História de São Luís Guanella

Pai do Pobres*

"O mais abandonado entre todos, recolhei-o vós e colocai-o à mesa convosco e fazei-o vosso, porque este é Jesus"

São Luís Guanella

O Pe. Luís Guanella nasceu em Fracíscio de Campodolcino – Sôndrio – no dia 19 de dezembro de 1842, tendo como pais Lourenço Guanella e Maria Bianchi. Fez seus estudos no Colégio Gallio e no seminário Diocesano, em Como/Itália, onde no dia 26 de maio de 1866, foi ordenado sacerdote. Durante nove anos exerceu o seu apostolado sacerdotal na Diocese, primeiramente em Prosto, depois em Savogno.

 

Seguindo o impulso interior, solicitado por sinais divinos, levado pelo desejo de socorrer os pequenos e infelizes, procurou o seu caminho ao lado de Dom Bosco (fundador dos Salesianos), que o acolheu e, durante três anos – 1875 a 1878 – de convivência mútua, ficou-lhe muito afeiçoado e esperava tê-lo como padre salesiano.

 

Mas Guanella foi chamado novamente à Diocese de Como, onde voltou a trabalhar com confiança e esperança, a fim de que, como costumava dizer, soasse a hora da misericórdia de Deus para iniciar as suas Obras de caridade, às quais sentia atração inata e vocação divina. Entre dificuldades de todo tipo, desconfianças, incompreensões, perseguições, via desfazer-se ao nascer, qualquer tentativa de iniciar as suas Obras. Mas, forte na fé, esperou a sua hora (a hora da Providência divina).

 

Tendo sido enviado a Pianello Lario, em nome da obediência, para suceder o pároco, Pe. Carlos Coppini, encontrou a seguinte herança: um pequeno grupo de irmãs  religiosas, formadas para a piedade e o sacrifício.
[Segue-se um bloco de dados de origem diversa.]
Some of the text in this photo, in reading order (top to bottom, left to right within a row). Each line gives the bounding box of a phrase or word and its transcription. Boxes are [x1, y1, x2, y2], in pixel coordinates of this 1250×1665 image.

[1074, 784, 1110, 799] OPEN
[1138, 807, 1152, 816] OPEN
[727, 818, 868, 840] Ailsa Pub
Cinco anos foram suficientes para que esse pequeno grupo crescesse e ousasse colocar-se nas pegadas do Pai. Numa noite de abril de 1886, um pequeno barco deixava o cais de Pianello. Dentro, além do barqueiro, havia duas freiras, algumas meninas órfãs e alguns pobres objetos domésticos. Após uma noite de viagem chegaram a Como, onde foram recebidas pelo próprio Pe. Luís Guanella, que já havia preparado para elas uma sede localizada na Rua Tomaso Grossi.

 

Em Como a Obra se consolida ainda entre provas, contrastes e perseguições. Mas o grão se torna espiga. As Casas se multiplicam. As duas Congregações fundadas por Guanella – Padres e Irmãos Servos da Caridade e as Irmãs Filhas de Santa Maria da Providência – ajudam-no a estender a assistência aos “Benjamins da Providência”, ou seja, velhos abandonados ou crônicos, deficientes físicos e mentais, crianças órfãs ou necessitadas, tanto na Itália como em outros países. Em 1903, com a Bênção e a generosa ajuda de São Pio X, Guanella baixa suas tendas em Roma. Incansável, com quase 70 anos de idade, viaja para a América do Norte em 1912, fundando ali sua Obra de caridade.

 

Em janeiro de 1915 acorre em socorro das vítimas do terremoto de Marsica, hospedando os sobreviventes – órfãos e velhos – nas Casas de Roma. Foi esse trabalho que reduziu suas forças e acelerou a sua morte, que ocorreu em Como no dia 24 de outubro de 1915, tornado-o mártir da caridade.

 

Depois de um processo canônico regular, durante o qual foi reconhecido o heroísmo de suas virtudes, como também sua santidade de vida, foi declarado Beato por Paulo VI, no dia 25 de outubro de 1964.

 

Os seus filhos e filhas continuam sua Obra na Itália e em muitos outros países, tais como Suíça, Espanha, Estados Unidos, Argentina, Brasil, Chile, Colômbia, Paraguai, Israel e em muitas outras nações. As duas Congregações fundadas por Guanella continuam abertas ao mundo inteiro, desde que haja braços que se unam aos seus para ajudar os necessitados no corpo e/ou no espírito. O Pe. Guanella definia os horizontes deste mundo com as seguintes palavras: “O mundo inteiro é vossa Pátria”.